#### Work to complete:
Every record is to be printed exactly as it appears.

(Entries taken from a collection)
>>>

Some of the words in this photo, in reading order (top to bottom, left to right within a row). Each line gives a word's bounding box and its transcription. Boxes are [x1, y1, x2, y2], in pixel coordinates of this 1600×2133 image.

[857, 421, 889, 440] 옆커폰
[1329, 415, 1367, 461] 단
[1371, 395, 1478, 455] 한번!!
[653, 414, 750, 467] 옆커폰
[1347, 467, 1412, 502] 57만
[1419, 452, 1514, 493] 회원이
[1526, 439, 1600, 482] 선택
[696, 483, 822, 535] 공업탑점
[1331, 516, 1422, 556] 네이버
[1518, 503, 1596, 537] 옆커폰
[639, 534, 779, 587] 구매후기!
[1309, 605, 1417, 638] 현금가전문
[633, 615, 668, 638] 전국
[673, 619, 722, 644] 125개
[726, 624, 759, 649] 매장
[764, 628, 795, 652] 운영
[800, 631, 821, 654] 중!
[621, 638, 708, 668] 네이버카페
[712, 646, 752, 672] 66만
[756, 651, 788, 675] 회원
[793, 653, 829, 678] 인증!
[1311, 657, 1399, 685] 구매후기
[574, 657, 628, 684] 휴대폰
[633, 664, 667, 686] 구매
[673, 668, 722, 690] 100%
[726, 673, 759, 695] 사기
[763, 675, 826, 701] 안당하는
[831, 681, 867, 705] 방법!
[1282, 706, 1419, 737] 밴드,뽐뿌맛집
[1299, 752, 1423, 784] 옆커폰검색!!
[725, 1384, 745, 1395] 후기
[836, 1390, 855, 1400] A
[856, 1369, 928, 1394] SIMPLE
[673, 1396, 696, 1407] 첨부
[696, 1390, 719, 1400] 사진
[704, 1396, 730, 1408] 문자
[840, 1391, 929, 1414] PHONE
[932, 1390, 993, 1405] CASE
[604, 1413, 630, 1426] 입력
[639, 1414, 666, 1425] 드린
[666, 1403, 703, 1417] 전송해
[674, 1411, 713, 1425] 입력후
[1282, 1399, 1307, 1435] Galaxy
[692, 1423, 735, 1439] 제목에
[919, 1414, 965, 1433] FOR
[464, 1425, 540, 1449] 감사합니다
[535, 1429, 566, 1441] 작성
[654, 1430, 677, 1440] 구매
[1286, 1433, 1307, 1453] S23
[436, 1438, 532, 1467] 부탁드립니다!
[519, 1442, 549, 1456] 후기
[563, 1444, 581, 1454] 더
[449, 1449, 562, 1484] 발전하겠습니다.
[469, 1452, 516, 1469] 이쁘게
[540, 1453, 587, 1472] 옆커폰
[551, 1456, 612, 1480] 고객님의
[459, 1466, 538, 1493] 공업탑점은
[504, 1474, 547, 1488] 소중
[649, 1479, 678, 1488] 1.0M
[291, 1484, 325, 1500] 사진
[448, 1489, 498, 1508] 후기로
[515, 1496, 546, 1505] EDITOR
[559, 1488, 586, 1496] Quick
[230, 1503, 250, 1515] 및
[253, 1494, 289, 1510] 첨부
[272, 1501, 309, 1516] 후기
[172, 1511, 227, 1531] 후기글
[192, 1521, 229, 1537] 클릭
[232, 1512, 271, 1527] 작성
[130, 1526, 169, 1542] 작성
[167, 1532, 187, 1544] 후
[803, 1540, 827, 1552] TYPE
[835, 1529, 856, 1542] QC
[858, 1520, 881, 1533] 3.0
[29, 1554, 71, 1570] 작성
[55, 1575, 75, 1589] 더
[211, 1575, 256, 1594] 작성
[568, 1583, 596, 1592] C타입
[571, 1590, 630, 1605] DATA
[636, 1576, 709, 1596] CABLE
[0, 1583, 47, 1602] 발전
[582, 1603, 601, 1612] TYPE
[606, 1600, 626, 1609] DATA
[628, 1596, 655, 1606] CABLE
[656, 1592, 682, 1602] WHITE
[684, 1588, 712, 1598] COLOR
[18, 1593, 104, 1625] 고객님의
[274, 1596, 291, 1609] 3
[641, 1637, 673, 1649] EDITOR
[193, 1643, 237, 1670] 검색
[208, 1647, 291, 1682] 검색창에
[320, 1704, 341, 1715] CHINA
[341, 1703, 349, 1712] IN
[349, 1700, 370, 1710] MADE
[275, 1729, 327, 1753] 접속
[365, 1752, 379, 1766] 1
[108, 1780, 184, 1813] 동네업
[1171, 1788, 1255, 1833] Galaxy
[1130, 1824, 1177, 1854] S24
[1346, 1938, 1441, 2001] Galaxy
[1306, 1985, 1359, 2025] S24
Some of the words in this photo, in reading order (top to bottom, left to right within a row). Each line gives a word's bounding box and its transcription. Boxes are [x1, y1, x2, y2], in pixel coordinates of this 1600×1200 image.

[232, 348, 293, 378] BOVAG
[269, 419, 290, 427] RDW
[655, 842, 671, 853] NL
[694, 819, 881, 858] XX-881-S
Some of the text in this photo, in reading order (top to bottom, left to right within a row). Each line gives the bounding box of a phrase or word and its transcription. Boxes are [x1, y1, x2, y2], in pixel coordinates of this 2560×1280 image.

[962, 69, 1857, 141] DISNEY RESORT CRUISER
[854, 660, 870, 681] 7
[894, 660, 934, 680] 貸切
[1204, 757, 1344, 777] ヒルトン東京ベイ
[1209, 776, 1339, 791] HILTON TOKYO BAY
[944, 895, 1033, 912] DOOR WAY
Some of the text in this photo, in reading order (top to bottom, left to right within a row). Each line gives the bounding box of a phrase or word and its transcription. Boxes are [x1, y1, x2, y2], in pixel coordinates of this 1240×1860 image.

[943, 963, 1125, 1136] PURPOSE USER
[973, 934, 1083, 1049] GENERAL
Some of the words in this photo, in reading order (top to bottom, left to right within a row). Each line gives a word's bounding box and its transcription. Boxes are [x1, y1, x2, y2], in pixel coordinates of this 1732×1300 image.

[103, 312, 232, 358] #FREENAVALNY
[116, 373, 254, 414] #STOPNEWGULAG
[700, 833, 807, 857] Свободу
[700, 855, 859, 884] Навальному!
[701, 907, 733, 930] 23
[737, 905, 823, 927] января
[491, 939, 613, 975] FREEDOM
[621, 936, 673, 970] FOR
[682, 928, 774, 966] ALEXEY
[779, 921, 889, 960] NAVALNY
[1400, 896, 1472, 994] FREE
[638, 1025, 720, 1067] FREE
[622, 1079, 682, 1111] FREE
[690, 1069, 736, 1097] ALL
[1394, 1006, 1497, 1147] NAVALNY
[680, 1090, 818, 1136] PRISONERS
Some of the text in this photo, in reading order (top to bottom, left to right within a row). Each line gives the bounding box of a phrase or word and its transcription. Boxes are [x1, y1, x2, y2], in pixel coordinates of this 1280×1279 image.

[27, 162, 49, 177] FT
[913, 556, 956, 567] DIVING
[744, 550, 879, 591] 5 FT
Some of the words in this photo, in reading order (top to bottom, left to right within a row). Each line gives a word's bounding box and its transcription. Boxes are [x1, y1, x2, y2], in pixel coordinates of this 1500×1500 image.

<<<

#### Output below:
Some of the words in this photo, in reading order (top to bottom, left to right within a row). Each line gives a word's bounding box and its transcription. Boxes are [x1, y1, x2, y2], in pixel coordinates of this 1600×2133 image.

[857, 421, 889, 440] 옆커폰
[1329, 415, 1367, 461] 단
[1371, 395, 1478, 455] 한번!!
[653, 414, 750, 467] 옆커폰
[1347, 467, 1412, 502] 57만
[1419, 452, 1514, 493] 회원이
[1526, 439, 1600, 482] 선택
[696, 483, 822, 535] 공업탑점
[1331, 516, 1422, 556] 네이버
[1518, 503, 1596, 537] 옆커폰
[639, 534, 779, 587] 구매후기!
[1309, 605, 1417, 638] 현금가전문
[633, 615, 668, 638] 전국
[673, 619, 722, 644] 125개
[726, 624, 759, 649] 매장
[764, 628, 795, 652] 운영
[800, 631, 821, 654] 중!
[621, 638, 708, 668] 네이버카페
[712, 646, 752, 672] 66만
[756, 651, 788, 675] 회원
[793, 653, 829, 678] 인증!
[1311, 657, 1399, 685] 구매후기
[574, 657, 628, 684] 휴대폰
[633, 664, 667, 686] 구매
[673, 668, 722, 690] 100%
[726, 673, 759, 695] 사기
[763, 675, 826, 701] 안당하는
[831, 681, 867, 705] 방법!
[1282, 706, 1419, 737] 밴드,뽐뿌맛집
[1299, 752, 1423, 784] 옆커폰검색!!
[725, 1384, 745, 1395] 후기
[836, 1390, 855, 1400] A
[856, 1369, 928, 1394] SIMPLE
[673, 1396, 696, 1407] 첨부
[696, 1390, 719, 1400] 사진
[704, 1396, 730, 1408] 문자
[840, 1391, 929, 1414] PHONE
[932, 1390, 993, 1405] CASE
[604, 1413, 630, 1426] 입력
[639, 1414, 666, 1425] 드린
[666, 1403, 703, 1417] 전송해
[674, 1411, 713, 1425] 입력후
[1282, 1399, 1307, 1435] Galaxy
[692, 1423, 735, 1439] 제목에
[919, 1414, 965, 1433] FOR
[464, 1425, 540, 1449] 감사합니다
[535, 1429, 566, 1441] 작성
[654, 1430, 677, 1440] 구매
[1286, 1433, 1307, 1453] S23
[436, 1438, 532, 1467] 부탁드립니다!
[519, 1442, 549, 1456] 후기
[563, 1444, 581, 1454] 더
[449, 1449, 562, 1484] 발전하겠습니다.
[469, 1452, 516, 1469] 이쁘게
[540, 1453, 587, 1472] 옆커폰
[551, 1456, 612, 1480] 고객님의
[459, 1466, 538, 1493] 공업탑점은
[504, 1474, 547, 1488] 소중
[649, 1479, 678, 1488] 1.0M
[291, 1484, 325, 1500] 사진
[448, 1489, 498, 1508] 후기로
[515, 1496, 546, 1505] EDITOR
[559, 1488, 586, 1496] Quick
[230, 1503, 250, 1515] 및
[253, 1494, 289, 1510] 첨부
[272, 1501, 309, 1516] 후기
[172, 1511, 227, 1531] 후기글
[192, 1521, 229, 1537] 클릭
[232, 1512, 271, 1527] 작성
[130, 1526, 169, 1542] 작성
[167, 1532, 187, 1544] 후
[803, 1540, 827, 1552] TYPE
[835, 1529, 856, 1542] QC
[858, 1520, 881, 1533] 3.0
[29, 1554, 71, 1570] 작성
[55, 1575, 75, 1589] 더
[211, 1575, 256, 1594] 작성
[568, 1583, 596, 1592] C타입
[571, 1590, 630, 1605] DATA
[636, 1576, 709, 1596] CABLE
[0, 1583, 47, 1602] 발전
[582, 1603, 601, 1612] TYPE
[606, 1600, 626, 1609] DATA
[628, 1596, 655, 1606] CABLE
[656, 1592, 682, 1602] WHITE
[684, 1588, 712, 1598] COLOR
[18, 1593, 104, 1625] 고객님의
[274, 1596, 291, 1609] 3
[641, 1637, 673, 1649] EDITOR
[193, 1643, 237, 1670] 검색
[208, 1647, 291, 1682] 검색창에
[320, 1704, 341, 1715] CHINA
[341, 1703, 349, 1712] IN
[349, 1700, 370, 1710] MADE
[275, 1729, 327, 1753] 접속
[365, 1752, 379, 1766] 1
[108, 1780, 184, 1813] 동네업
[1171, 1788, 1255, 1833] Galaxy
[1130, 1824, 1177, 1854] S24
[1346, 1938, 1441, 2001] Galaxy
[1306, 1985, 1359, 2025] S24
Some of the words in this photo, in reading order (top to bottom, left to right within a row). Each line gives a word's bounding box and its transcription. Boxes are [x1, y1, x2, y2], in pixel coordinates of this 1600×1200 image.

[232, 348, 293, 378] BOVAG
[269, 419, 290, 427] RDW
[655, 842, 671, 853] NL
[694, 819, 881, 858] XX-881-S
Some of the text in this photo, in reading order (top to bottom, left to right within a row). Each line gives the bounding box of a phrase or word and its transcription. Boxes are [x1, y1, x2, y2], in pixel coordinates of this 2560×1280 image.

[962, 69, 1857, 141] DISNEY RESORT CRUISER
[854, 660, 870, 681] 7
[894, 660, 934, 680] 貸切
[1204, 757, 1344, 777] ヒルトン東京ベイ
[1209, 776, 1339, 791] HILTON TOKYO BAY
[944, 895, 1033, 912] DOOR WAY
Some of the text in this photo, in reading order (top to bottom, left to right within a row). Each line gives the bounding box of a phrase or word and its transcription. Boxes are [x1, y1, x2, y2], in pixel coordinates of this 1240×1860 image.

[943, 963, 1125, 1136] PURPOSE USER
[973, 934, 1083, 1049] GENERAL
Some of the words in this photo, in reading order (top to bottom, left to right within a row). Each line gives a word's bounding box and its transcription. Boxes are [x1, y1, x2, y2], in pixel coordinates of this 1732×1300 image.

[103, 312, 232, 358] #FREENAVALNY
[116, 373, 254, 414] #STOPNEWGULAG
[700, 833, 807, 857] Свободу
[700, 855, 859, 884] Навальному!
[701, 907, 733, 930] 23
[737, 905, 823, 927] января
[491, 939, 613, 975] FREEDOM
[621, 936, 673, 970] FOR
[682, 928, 774, 966] ALEXEY
[779, 921, 889, 960] NAVALNY
[1400, 896, 1472, 994] FREE
[638, 1025, 720, 1067] FREE
[622, 1079, 682, 1111] FREE
[690, 1069, 736, 1097] ALL
[1394, 1006, 1497, 1147] NAVALNY
[680, 1090, 818, 1136] PRISONERS
Some of the text in this photo, in reading order (top to bottom, left to right within a row). Each line gives the bounding box of a phrase or word and its transcription. Boxes are [x1, y1, x2, y2], in pixel coordinates of this 1280×1279 image.

[27, 162, 49, 177] FT
[913, 556, 956, 567] DIVING
[744, 550, 879, 591] 5 FT
Some of the words in this photo, in reading order (top to bottom, left to right within a row). Each line gives a word's bounding box and its transcription. Boxes are [x1, y1, x2, y2], in pixel coordinates of this 1500×1500 image.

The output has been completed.